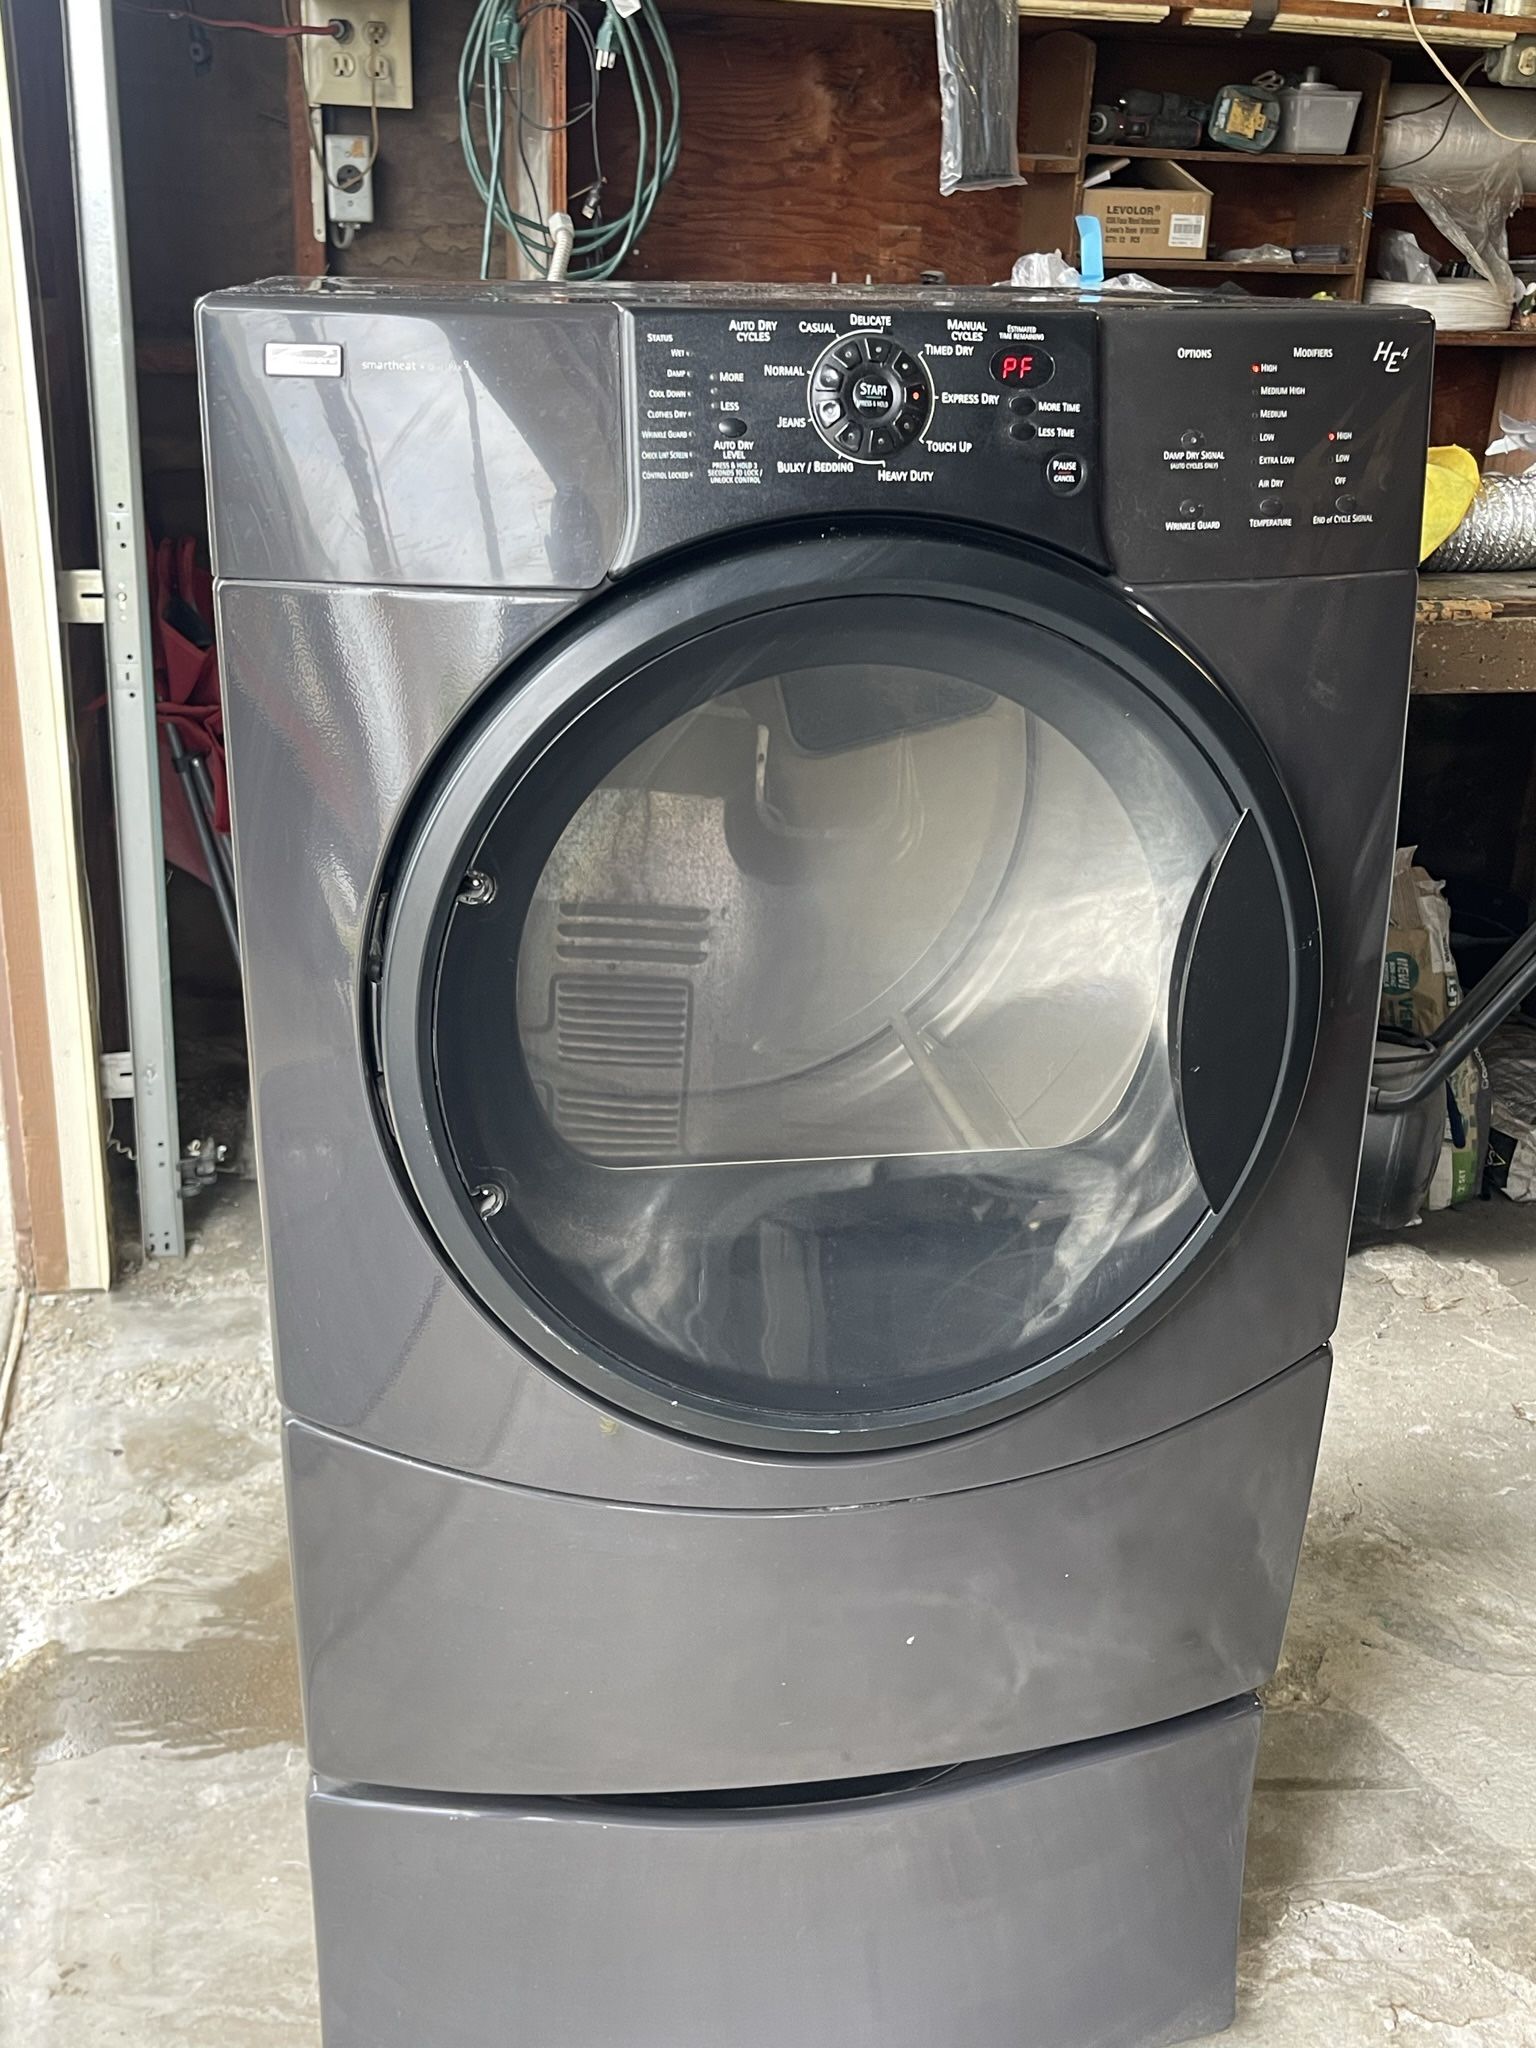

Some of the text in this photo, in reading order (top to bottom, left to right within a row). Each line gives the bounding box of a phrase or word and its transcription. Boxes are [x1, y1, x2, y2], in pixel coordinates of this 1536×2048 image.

[850, 314, 892, 326] DELICATE
[728, 319, 778, 332] AUTO DRY
[798, 321, 836, 333] CASUAL
[947, 319, 988, 332] MANUAL
[1007, 324, 1037, 333] ESTIMATED
[646, 333, 674, 342] STATUS
[736, 332, 771, 342] CYCLES
[951, 332, 984, 342] CYCLES
[999, 332, 1045, 341] TIME REMAINING
[670, 349, 685, 357] WET
[924, 343, 975, 356] TIMED DRY
[1177, 347, 1212, 359] OPTIONS
[1293, 347, 1333, 358] MODIFIERS
[361, 359, 417, 371] smartheat
[1002, 356, 1034, 379] PF
[1261, 363, 1278, 373] HIGH
[667, 369, 686, 378] DAMP
[764, 364, 805, 377] NORMAL
[719, 372, 745, 382] MORE
[648, 390, 687, 398] COOL DOWN
[860, 382, 888, 397] START
[1260, 386, 1306, 396] MEDIUM HIGH
[941, 392, 1000, 405] EXPRESS DRY
[720, 401, 740, 411] LESS
[1038, 402, 1081, 413] MORE TIME
[647, 410, 687, 419] CLOTHES DRY
[1260, 409, 1288, 419] MEDIUM
[776, 416, 807, 429] JEANS
[641, 430, 688, 439] WRINKLE GUARD
[1037, 426, 1075, 438] LESS TIME
[1259, 432, 1275, 442] LOW
[1336, 431, 1353, 440] HIGH
[713, 440, 755, 450] AUTO DRY
[926, 440, 973, 453] TOUCH UP
[722, 450, 746, 460] LEVEL
[1163, 450, 1225, 460] DAMP DRY SIGNAL
[1258, 455, 1295, 465] EXTRA LOW
[1335, 453, 1350, 463] LOW
[712, 461, 730, 469] PRESS
[737, 461, 752, 469] HOLD
[777, 460, 854, 474] BULKY / BEDDING
[1053, 460, 1077, 471] PAUSE
[1186, 462, 1203, 470] CYCLES
[642, 471, 690, 480] CONTROL LOCKED
[707, 469, 734, 477] SECONDS
[744, 469, 759, 477] LOCK
[878, 470, 934, 482] HEAVY DUTY
[1053, 474, 1076, 483] CANCEL
[1258, 479, 1284, 488] AIR DRY
[1334, 476, 1347, 485] OFF
[1249, 517, 1292, 528] TEMPERATURE
[1312, 515, 1325, 525] END
[1333, 514, 1351, 524] CYCLE
[1352, 514, 1374, 523] SIGNAL
[1165, 520, 1220, 532] WRINKLE GUARD
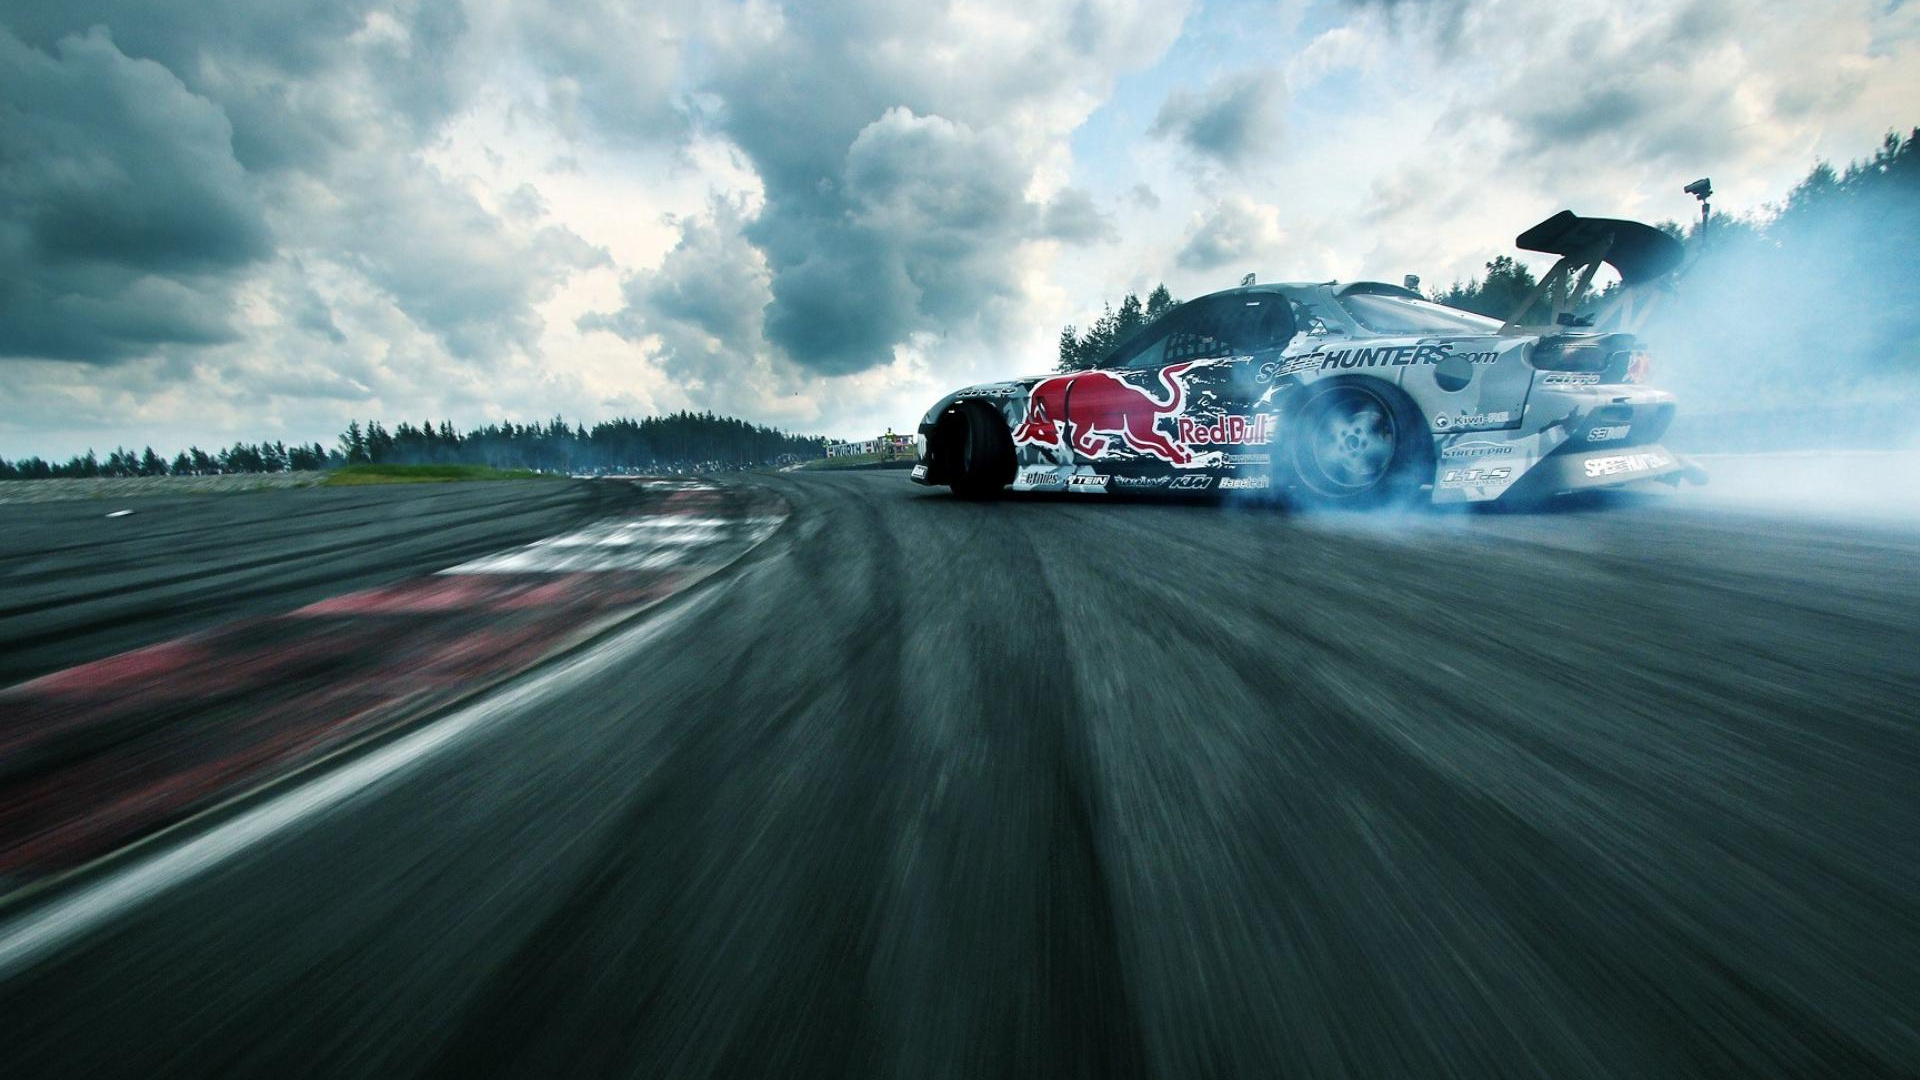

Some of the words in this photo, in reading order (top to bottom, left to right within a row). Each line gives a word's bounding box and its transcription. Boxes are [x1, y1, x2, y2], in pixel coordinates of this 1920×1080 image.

[1179, 414, 1227, 445] Red
[1228, 413, 1269, 445] Bull
[1026, 471, 1059, 486] etnies
[1077, 475, 1107, 485] TEIN
[1169, 474, 1213, 489] KTM

* * * * * * *

**EXERCISE DETAILS:**
Set every record down exactly, omitting pictures.

**ANSWER SECTION:**
Some of the text in this photo, in reading order (top to bottom, left to right within a row). Each line gives the bounding box of a phrase or word and its transcription. Boxes are [x1, y1, x2, y2], in pixel coordinates of this 1536×2048 image.

[850, 314, 892, 326] DELICATE
[728, 319, 778, 332] AUTO DRY
[798, 321, 836, 333] CASUAL
[947, 319, 988, 332] MANUAL
[1007, 324, 1037, 333] ESTIMATED
[646, 333, 674, 342] STATUS
[736, 332, 771, 342] CYCLES
[951, 332, 984, 342] CYCLES
[999, 332, 1045, 341] TIME REMAINING
[670, 349, 685, 357] WET
[924, 343, 975, 356] TIMED DRY
[1177, 347, 1212, 359] OPTIONS
[1293, 347, 1333, 358] MODIFIERS
[361, 359, 417, 371] smartheat
[1002, 356, 1034, 379] PF
[1261, 363, 1278, 373] HIGH
[667, 369, 686, 378] DAMP
[764, 364, 805, 377] NORMAL
[719, 372, 745, 382] MORE
[648, 390, 687, 398] COOL DOWN
[860, 382, 888, 397] START
[1260, 386, 1306, 396] MEDIUM HIGH
[941, 392, 1000, 405] EXPRESS DRY
[720, 401, 740, 411] LESS
[1038, 402, 1081, 413] MORE TIME
[647, 410, 687, 419] CLOTHES DRY
[1260, 409, 1288, 419] MEDIUM
[776, 416, 807, 429] JEANS
[641, 430, 688, 439] WRINKLE GUARD
[1037, 426, 1075, 438] LESS TIME
[1259, 432, 1275, 442] LOW
[1336, 431, 1353, 440] HIGH
[713, 440, 755, 450] AUTO DRY
[926, 440, 973, 453] TOUCH UP
[722, 450, 746, 460] LEVEL
[1163, 450, 1225, 460] DAMP DRY SIGNAL
[1258, 455, 1295, 465] EXTRA LOW
[1335, 453, 1350, 463] LOW
[712, 461, 730, 469] PRESS
[737, 461, 752, 469] HOLD
[777, 460, 854, 474] BULKY / BEDDING
[1053, 460, 1077, 471] PAUSE
[1186, 462, 1203, 470] CYCLES
[642, 471, 690, 480] CONTROL LOCKED
[707, 469, 734, 477] SECONDS
[744, 469, 759, 477] LOCK
[878, 470, 934, 482] HEAVY DUTY
[1053, 474, 1076, 483] CANCEL
[1258, 479, 1284, 488] AIR DRY
[1334, 476, 1347, 485] OFF
[1249, 517, 1292, 528] TEMPERATURE
[1312, 515, 1325, 525] END
[1333, 514, 1351, 524] CYCLE
[1352, 514, 1374, 523] SIGNAL
[1165, 520, 1220, 532] WRINKLE GUARD

Some of the words in this photo, in reading order (top to bottom, left to right within a row). Each line gives a word's bounding box and its transcription. Boxes are [x1, y1, x2, y2], in pixel coordinates of this 1920×1080 image.

[1179, 414, 1227, 445] Red
[1228, 413, 1269, 445] Bull
[1026, 471, 1059, 486] etnies
[1077, 475, 1107, 485] TEIN
[1169, 474, 1213, 489] KTM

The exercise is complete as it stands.